It’s a funny old business this writing lark.

Indeed it is, and certainly not one to be taken too seriously.

Charlaine Harris, she of the True Blood novels, had it right yesterday on Radio 4 when she hooted with laughter and seemed to enjoy a certain heresy where the shanty-town misery and almost religious self-flagellation inflicted on their own  creative psyches by some authors, are concerned.

R4 has been running these programmes about authorial endeavour of the fictional variety. There are those who believe a bout of depression is a necessity for words on paper, those who view fancy ‘inspiration’ as the only path to literary redemption and those who sound just plain suicidal (and I always thought poets to be the aristocracy of zero optimism!) .

A rare old mix, you must admit.

For myself, a story-teller who has never suffered ‘the dunnest smoke of hell’ (Macbeth, before the plagiarism cowboys start!) where clinical depression is concerned and indeed has never required ‘inspiration’ to turn out the odd yarn (God help me if I did, I probably wouldn’t write one word!), writing is just a self-indulgent business with a good few lumps of  humour thrown in for good measure.

I’ve met a few writers along the way, and damn they can be dreary sorts, not all of course. Intense and full of self-important zeal and steam, some of ’em. Not the sort you would want to chase after Parisian harlots and rivers of pastis in Paris with, and that’s a fact.

I didn’t get into the scribbling game until I was fifty –  following a bout of my very own unique egotistical insanity –  so I had already done a good bit of living both good and bad. I hadn’t been intoxicated with futile ‘Creative Writing Course’ intellectual upheaval and neither had I any pre-conceptions about how to write the most perfect and extraordinarily intelligent novel – just as well!

I just got on with it.

I haven’t read any fiction for some twenty years by the way, which may be of interest to all you students aspiring to be the next Hemingway,mind you look what happened to him? I read an inordinate amount but non-fiction only, mostly history and politics.
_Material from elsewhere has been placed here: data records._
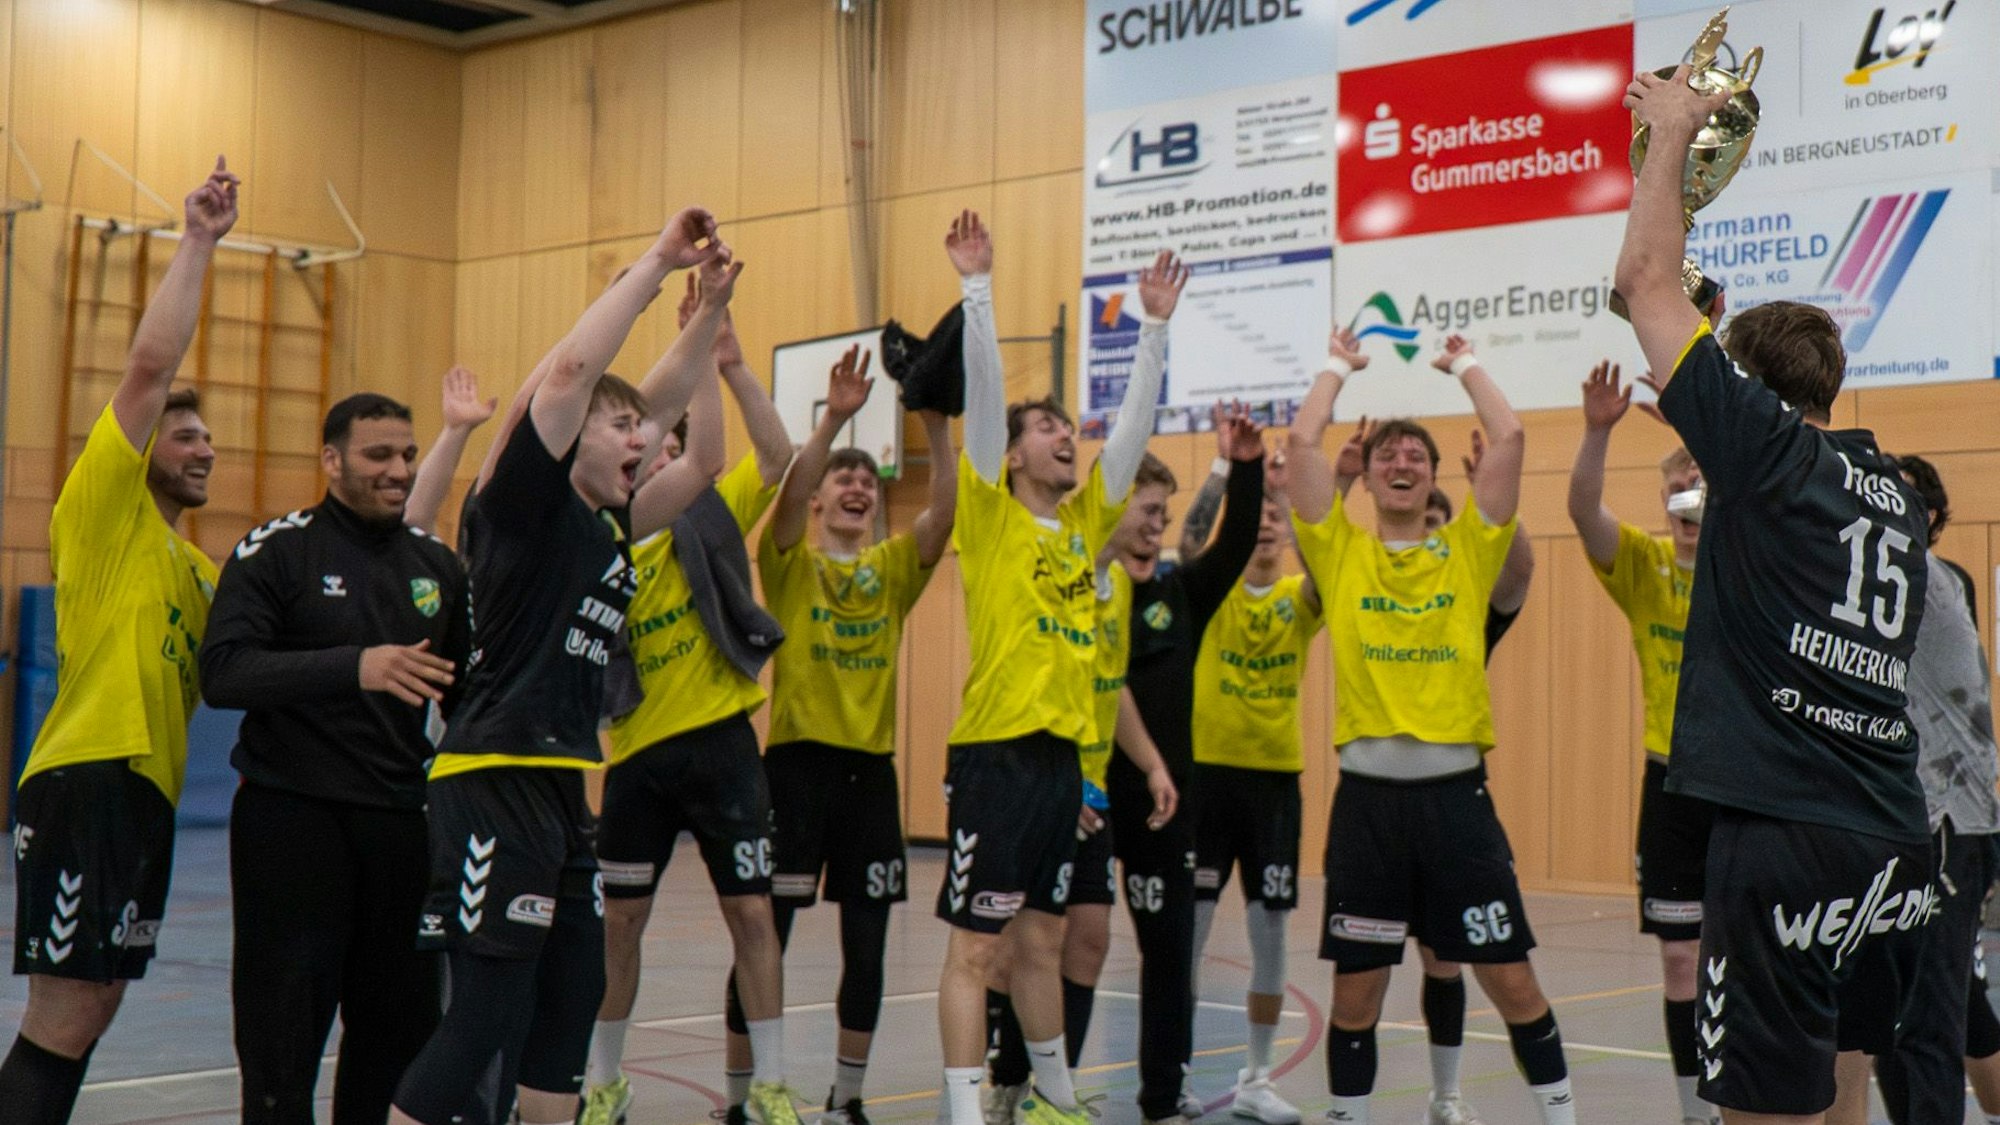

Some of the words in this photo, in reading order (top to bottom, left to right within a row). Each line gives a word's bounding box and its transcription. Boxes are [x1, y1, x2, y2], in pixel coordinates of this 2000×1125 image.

[1845, 95, 1860, 111] in
[1865, 84, 1948, 107] Oberberg
[1131, 122, 1199, 171] HB
[1411, 113, 1543, 159] Sparkasse
[1758, 150, 1777, 169] IN
[1783, 127, 1943, 163] BERGNEUSTADT
[1411, 139, 1601, 193] Gummersbach
[1091, 181, 1328, 227] www.HB-Promotion.de
[1766, 268, 1790, 284] KG
[1411, 276, 1610, 332] AggerEnergi
[1830, 516, 1912, 640] 15
[1463, 900, 1514, 946] SC
And here’s the thing: I don’t write to hurt myself, I don’t write to impress and I don’t write to expose all my idiot neuroses, but I do write to have some fun now and again and hopefully bring some enjoyment to the odd reader or two.

I just don’t take it all too seriously, frankly it just isn’t worth it.

I enjoy a full and jolly life outside the closed and unnatural world of a computer screen and guess what? 

I only know one writer, I really can’t imagine why?


PS I have a new novel out next April and there’s another one in the pot but I know one thing, as soon as it all starts to become a ‘real’ job then that’s it. I’m off.